GIVEN RECORDS.
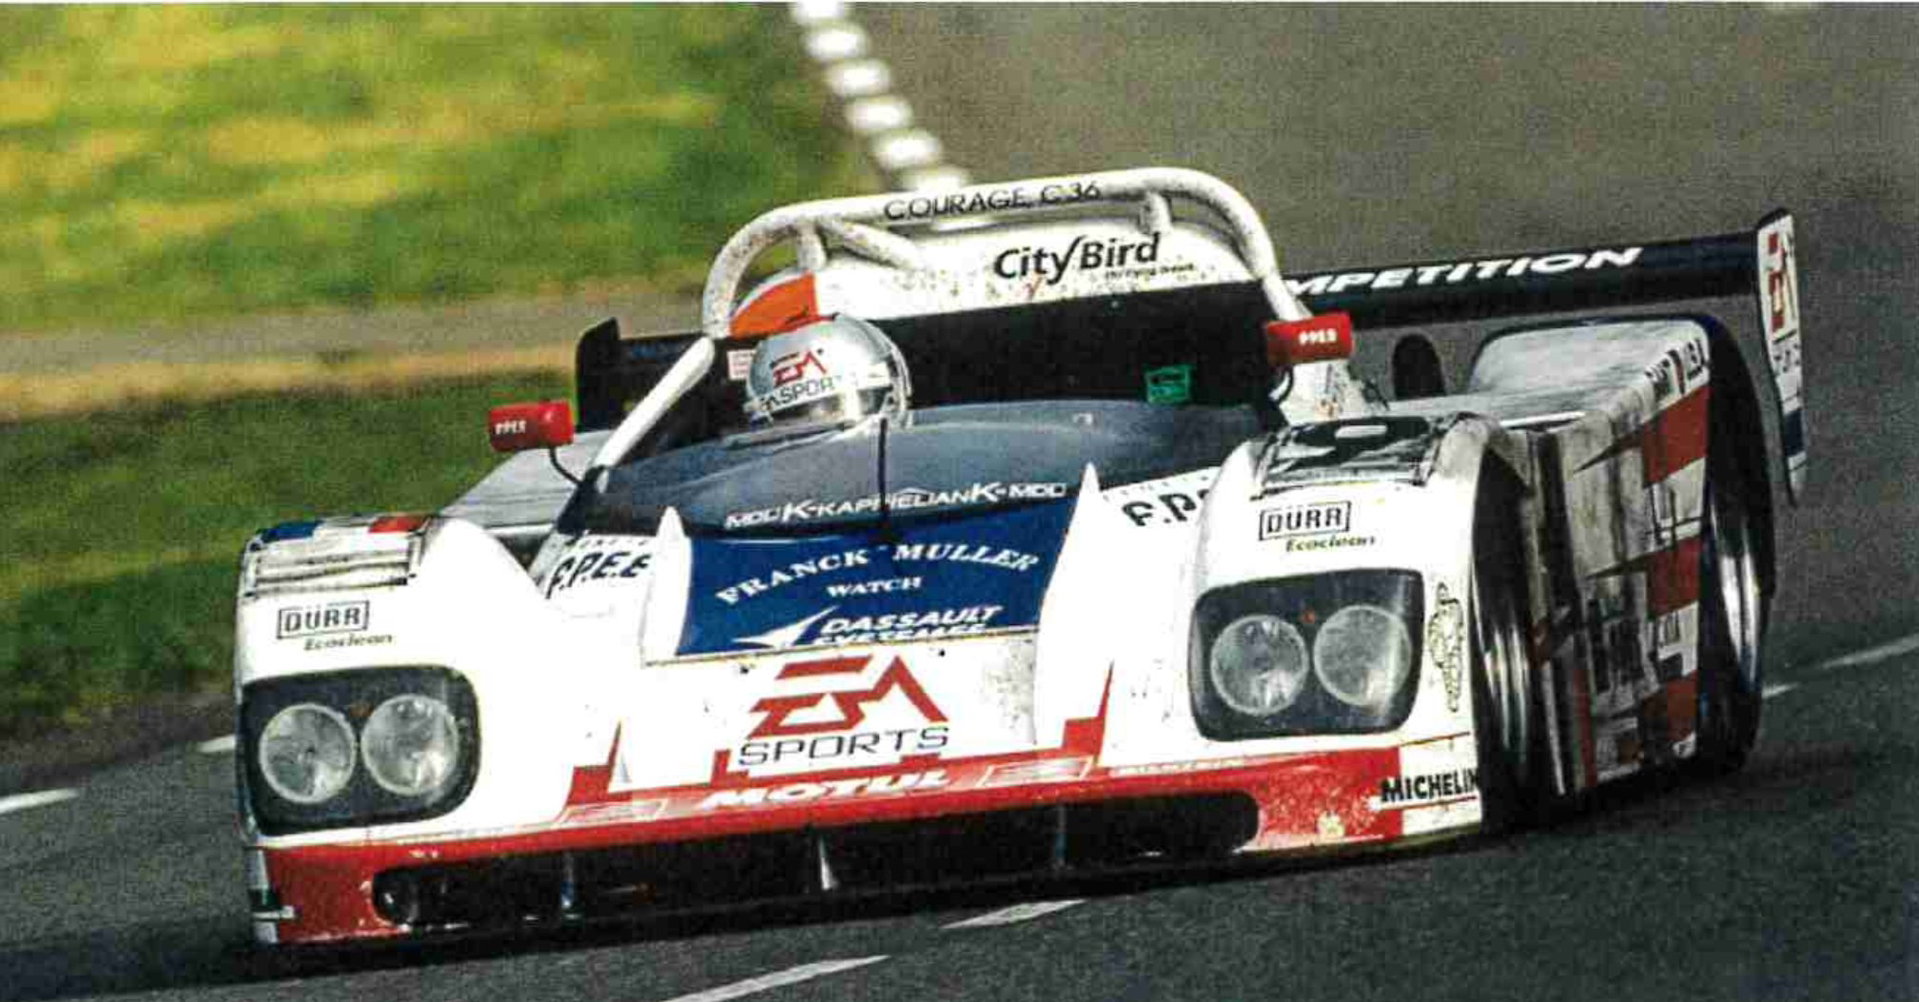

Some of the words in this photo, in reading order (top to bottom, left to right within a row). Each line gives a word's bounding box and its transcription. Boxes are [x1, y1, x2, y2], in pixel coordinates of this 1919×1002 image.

[884, 188, 1029, 221] COURAGE
[715, 548, 871, 605] FRANCK
[892, 543, 1040, 573] MULLER
[826, 575, 923, 598] WATCH
[820, 604, 1004, 634] DASSAULT
[747, 654, 950, 740] EA
[738, 725, 951, 766] SPORTS
[700, 767, 952, 812] MOTUL
[1381, 766, 1480, 803] MICHELIN
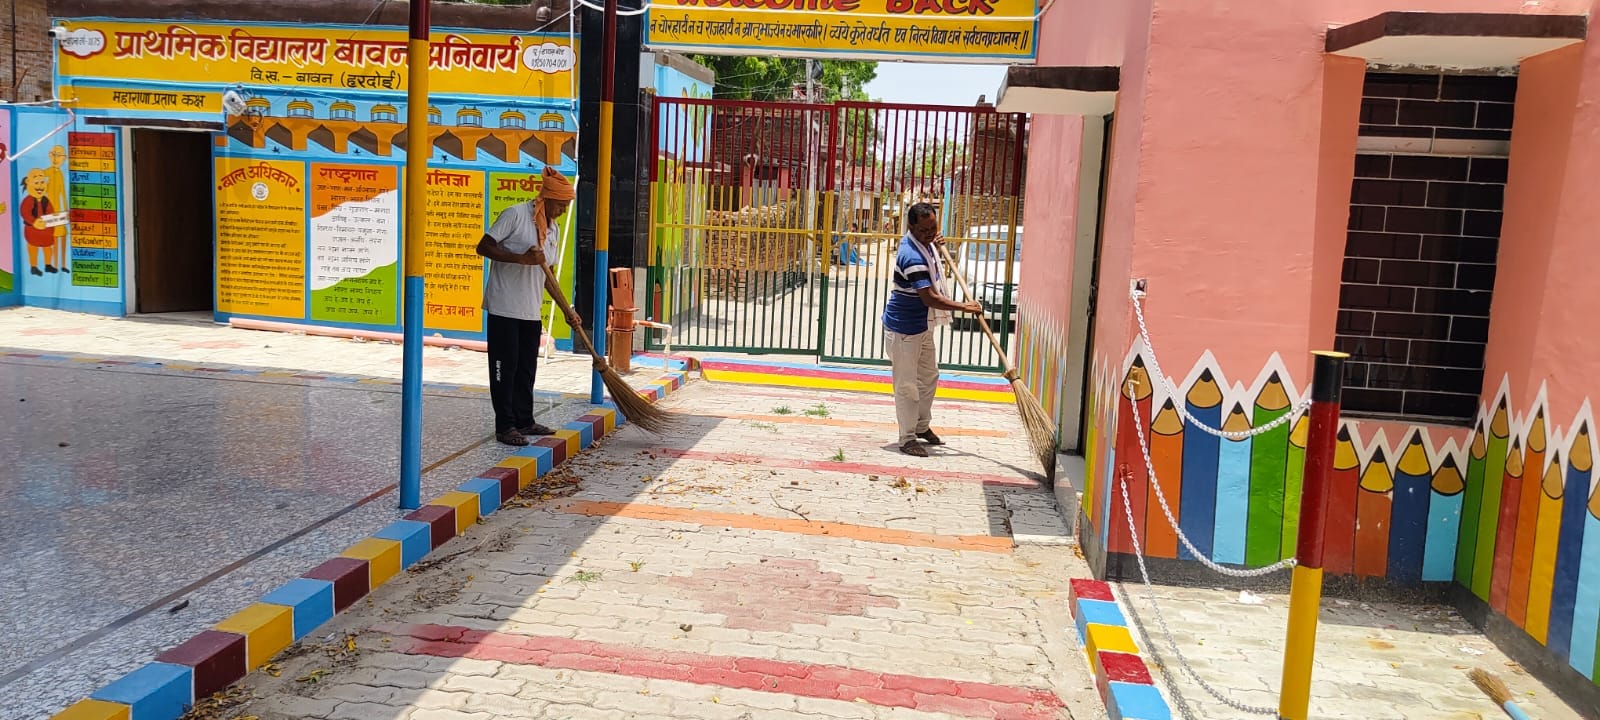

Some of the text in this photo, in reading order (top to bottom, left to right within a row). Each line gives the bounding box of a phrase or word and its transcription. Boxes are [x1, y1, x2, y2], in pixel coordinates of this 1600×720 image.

[895, 28, 908, 43] एव
[112, 25, 226, 60] प्राथमिक
[228, 29, 329, 68] विद्यालय
[295, 71, 335, 85] बावन
[340, 71, 402, 90] (हरदोई)
[112, 90, 206, 110] महाराणा प्रताप कक्ष
[220, 168, 248, 188] बाल
[247, 162, 298, 191] अधिकार
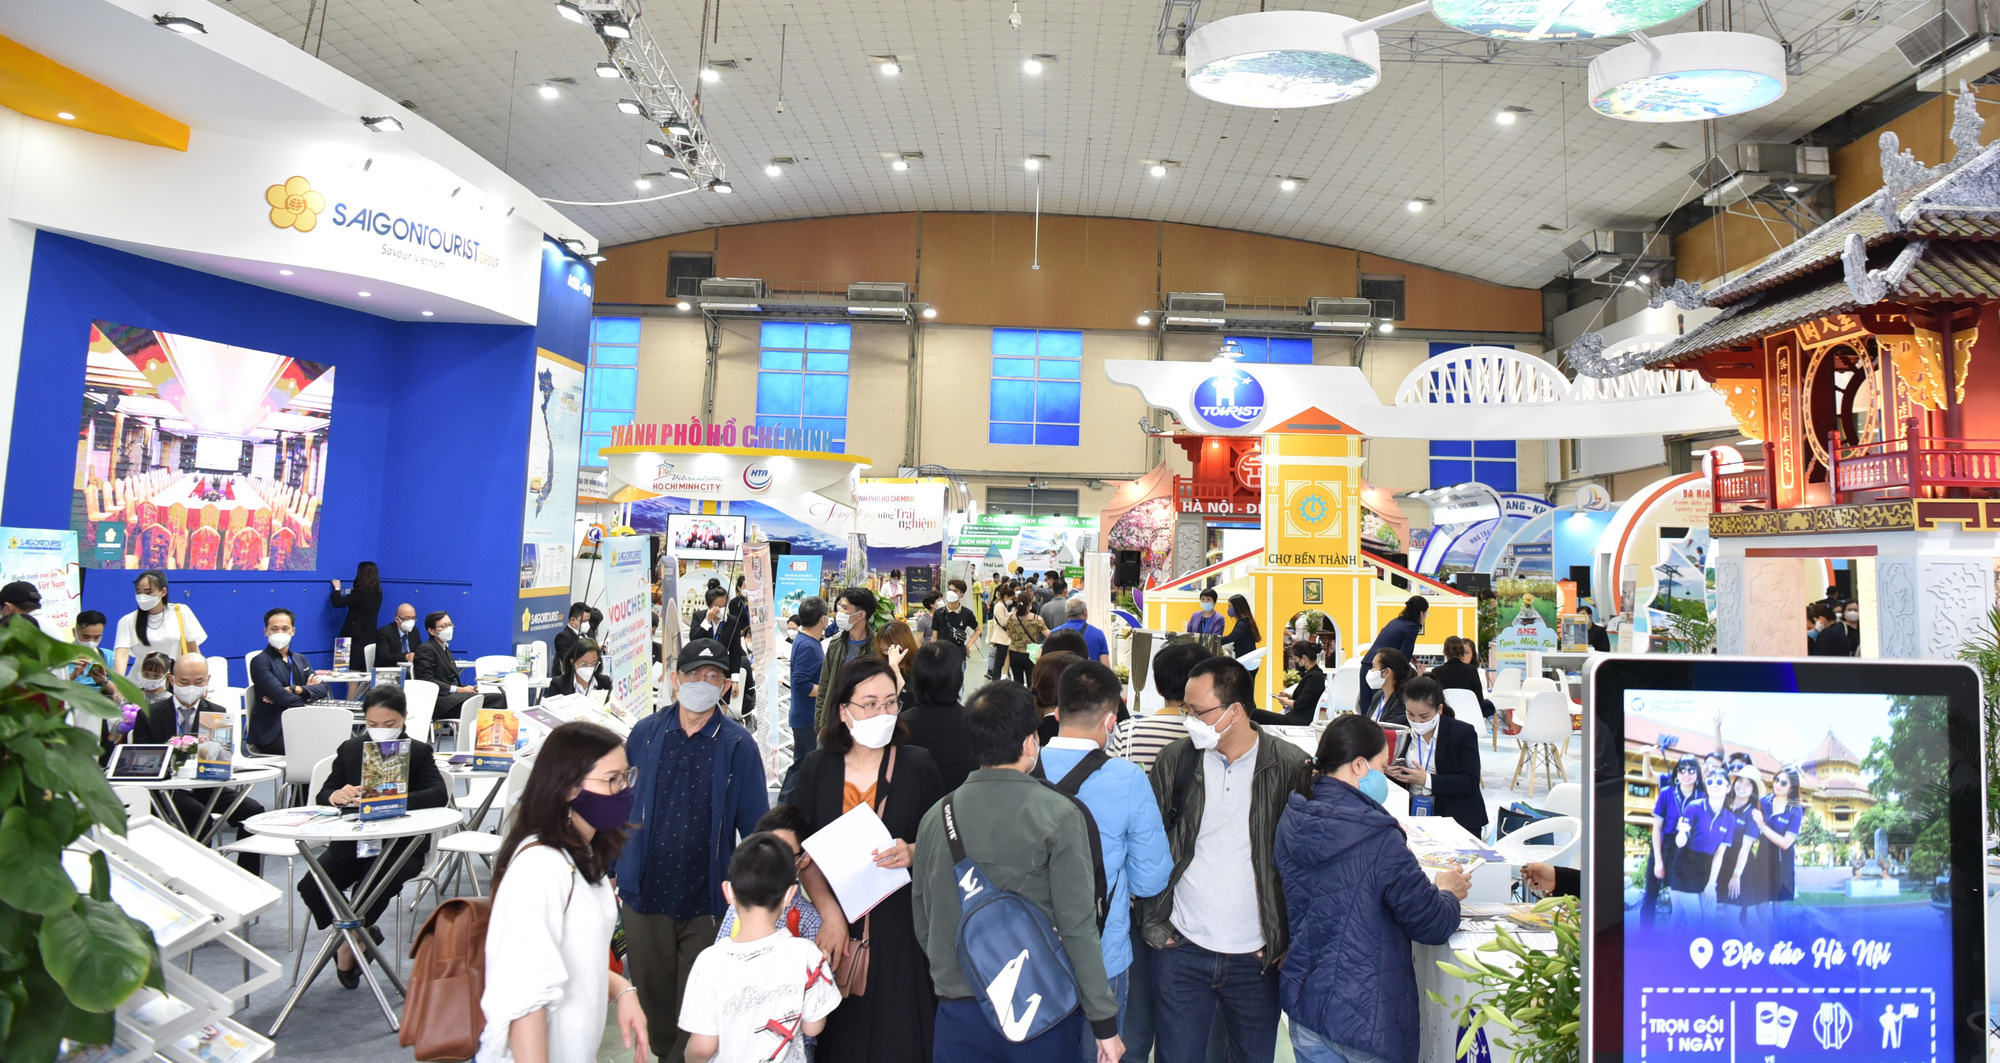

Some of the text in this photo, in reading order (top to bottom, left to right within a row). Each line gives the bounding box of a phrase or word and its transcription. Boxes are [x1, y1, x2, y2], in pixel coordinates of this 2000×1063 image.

[332, 203, 499, 269] SAIGONTOURIST GROUP
[381, 243, 446, 270] Savour Vietnam
[1200, 405, 1263, 422] TOURIST
[611, 416, 833, 453] THÀNH PHỐ HỒ CHÍ MINH
[751, 469, 769, 477] HTA
[701, 483, 721, 491] CITY
[1183, 499, 1204, 513] HÀ
[1207, 500, 1234, 517] NỘI
[1268, 551, 1357, 566] CHỢ BẾN THÀNH
[608, 592, 646, 626] VOUCHER
[944, 804, 956, 840] GIGABYTE
[1722, 939, 1764, 970] Độc
[1811, 937, 1847, 970] Hà
[1852, 939, 1892, 970] Nội
[1649, 1015, 1724, 1038] TRỌN GÓI
[1667, 1036, 1725, 1052] 1 NGÀY
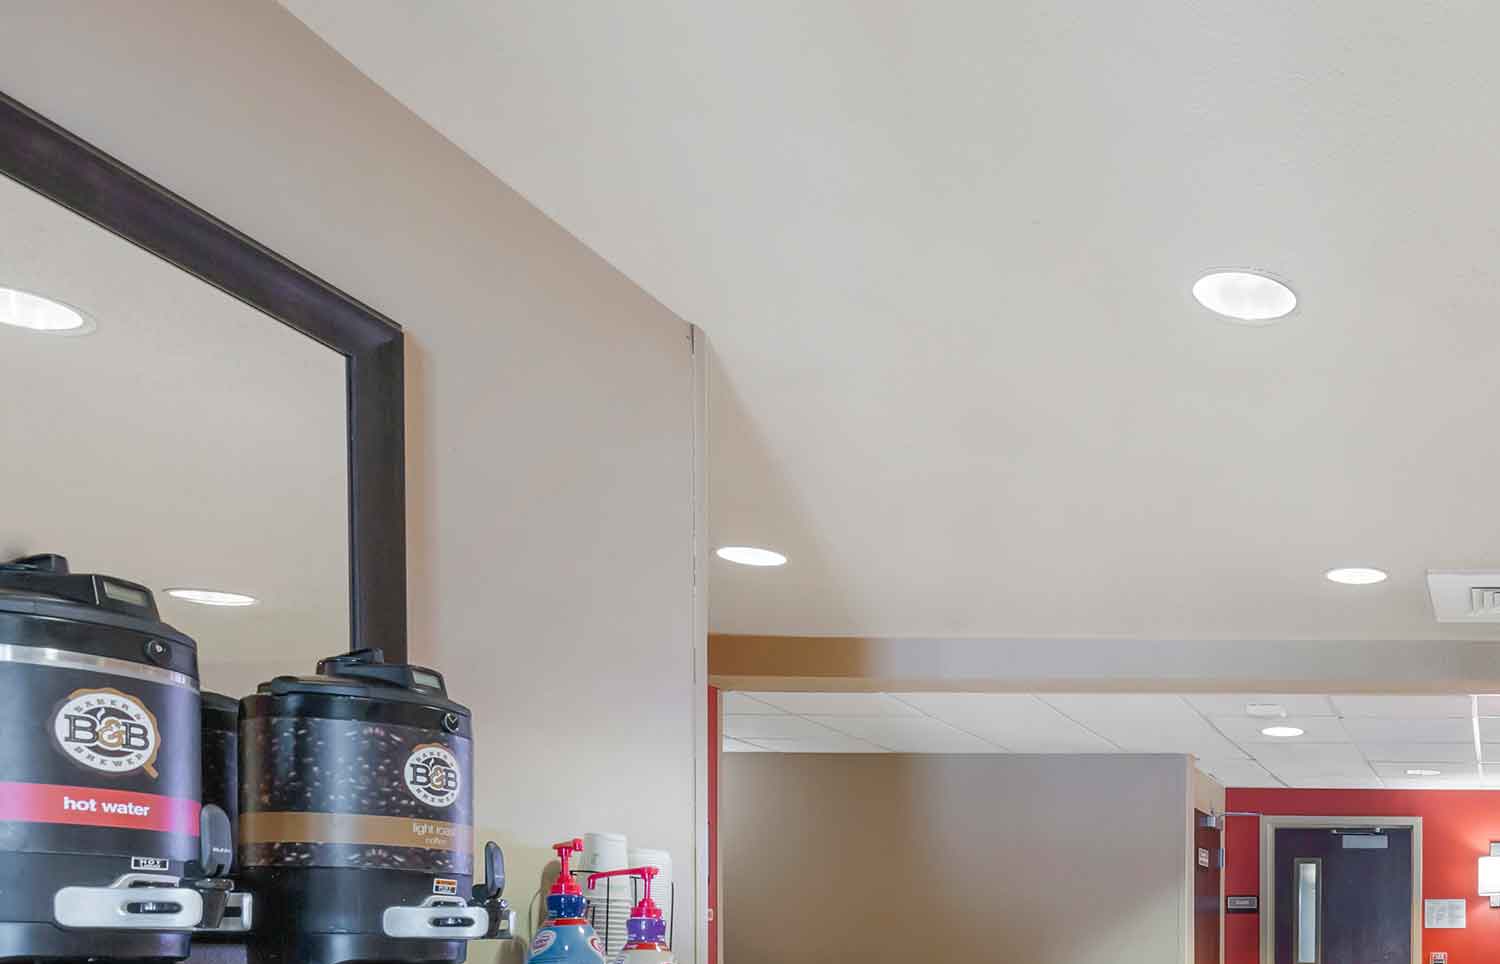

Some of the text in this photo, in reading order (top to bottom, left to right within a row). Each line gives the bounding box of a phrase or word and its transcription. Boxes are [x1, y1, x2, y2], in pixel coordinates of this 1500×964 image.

[63, 713, 150, 751] B&B
[409, 763, 458, 791] B&B
[63, 796, 150, 817] hot water
[412, 823, 434, 836] light

HOW TO COMPLETE THIS TASK. Could you reproduce every entry exactly, leaving out the pictures?

RESPONSE TO THIS TASK.
Some of the words in this photo, in reading order (top to bottom, left to right within a row). Each line gives a word's bounding box and its transcription. Boxes are [x1, y1, x2, y2], in pixel coordinates of this 1919×1002 image.

[884, 188, 1029, 221] COURAGE
[715, 548, 871, 605] FRANCK
[892, 543, 1040, 573] MULLER
[826, 575, 923, 598] WATCH
[820, 604, 1004, 634] DASSAULT
[747, 654, 950, 740] EA
[738, 725, 951, 766] SPORTS
[700, 767, 952, 812] MOTUL
[1381, 766, 1480, 803] MICHELIN

Some of the text in this photo, in reading order (top to bottom, left to right within a row). Each line gives the bounding box of a phrase or word and its transcription. Boxes are [x1, y1, x2, y2], in pixel coordinates of this 1600×720 image.

[895, 28, 908, 43] एव
[112, 25, 226, 60] प्राथमिक
[228, 29, 329, 68] विद्यालय
[295, 71, 335, 85] बावन
[340, 71, 402, 90] (हरदोई)
[112, 90, 206, 110] महाराणा प्रताप कक्ष
[220, 168, 248, 188] बाल
[247, 162, 298, 191] अधिकार

Some of the text in this photo, in reading order (top to bottom, left to right within a row). Each line gives the bounding box of a phrase or word and its transcription. Boxes are [x1, y1, x2, y2], in pixel coordinates of this 2000×1063 image.

[332, 203, 499, 269] SAIGONTOURIST GROUP
[381, 243, 446, 270] Savour Vietnam
[1200, 405, 1263, 422] TOURIST
[611, 416, 833, 453] THÀNH PHỐ HỒ CHÍ MINH
[751, 469, 769, 477] HTA
[701, 483, 721, 491] CITY
[1183, 499, 1204, 513] HÀ
[1207, 500, 1234, 517] NỘI
[1268, 551, 1357, 566] CHỢ BẾN THÀNH
[608, 592, 646, 626] VOUCHER
[944, 804, 956, 840] GIGABYTE
[1722, 939, 1764, 970] Độc
[1811, 937, 1847, 970] Hà
[1852, 939, 1892, 970] Nội
[1649, 1015, 1724, 1038] TRỌN GÓI
[1667, 1036, 1725, 1052] 1 NGÀY

Some of the text in this photo, in reading order (top to bottom, left to right within a row). Each line gives the bounding box of a phrase or word and its transcription. Boxes are [x1, y1, x2, y2], in pixel coordinates of this 1500×964 image.

[63, 713, 150, 751] B&B
[409, 763, 458, 791] B&B
[63, 796, 150, 817] hot water
[412, 823, 434, 836] light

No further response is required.